The presentation described technical work performed with Headwaters Economics and consultants (AE2S): staff said they ran a 100% analysis of commercial and industrial impervious surfaces and used representative sampling for residential parcel types to derive a residential‑equivalent factor. The feasibility study staff included in the meeting packet modeled a spectrum of service levels; the $7 figure corresponds to a mid‑level service that staff said would be comparable to peer Montana cities and would allow both maintenance and capital work to proceed.
Many residents and local stakeholders supported moving forward but urged more public outreach and clarity on costs. Sarah Stans, Park County Environmental Council community resilience director, urged the commission not to delay. “We are a headwaters community and that means greater responsibility,” Stans said during public comment, arguing the city has an obligation to reduce pollutant loads into the Yellowstone and to address recurring flooding that disproportionately affects North Side and East Side residents.
Other residents raised affordability concerns and asked for clearer communications about who would pay and how much. Several speakers asked that the city focus on the most urgent, lower‑cost fixes first and to provide plain‑language examples of how different property types would be charged.
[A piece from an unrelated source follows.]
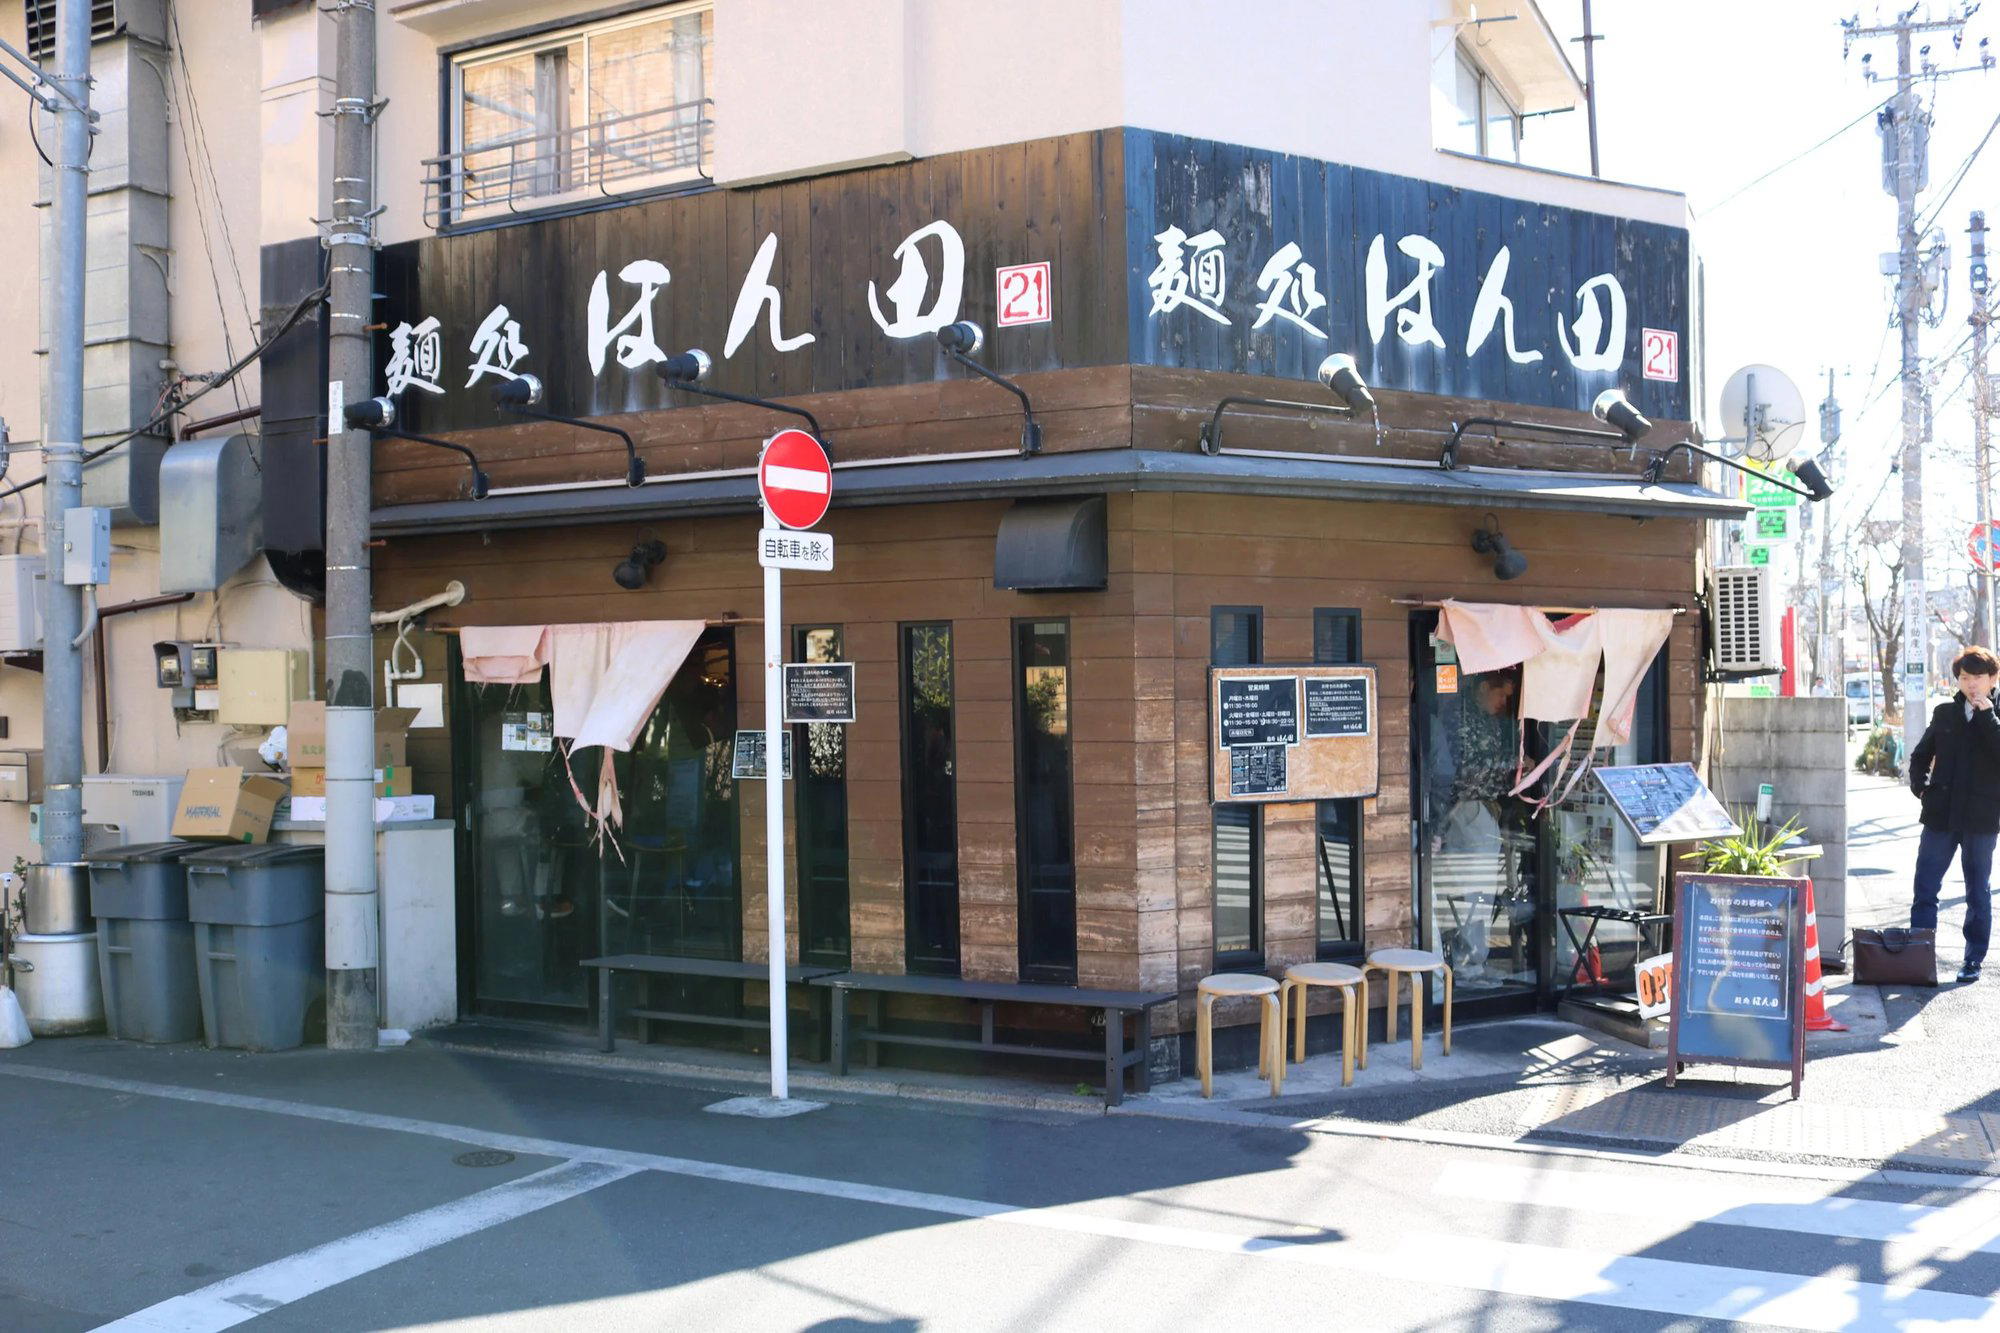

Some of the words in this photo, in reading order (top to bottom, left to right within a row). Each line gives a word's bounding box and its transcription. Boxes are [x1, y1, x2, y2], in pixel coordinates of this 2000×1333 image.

[1003, 269, 1044, 319] 21
[1647, 335, 1674, 376] 21
[765, 537, 829, 561] 自転車を除く
Commissioners asked technical questions about the rate model, the feasibility estimate and whether the city could progress with maintenance work while continuing the public engagement. Gager told commissioners that staff has already begun targeted maintenance and that creation of an enterprise utility would provide a dedicated revenue stream for predictable upkeep and capital projects.
The commission did not adopt an ordinance or set rates at the March 3 meeting. Commissioners directed staff to continue outreach and to bring more detailed rate options, data and an engagement plan back to a future meeting, with public comment and a town‑hall schedule to be refined before any formal vote.
Next steps: staff said they will proceed with community engagement, refine rates and present draft ordinance language and public hearing dates as part of the city’s upcoming budget process.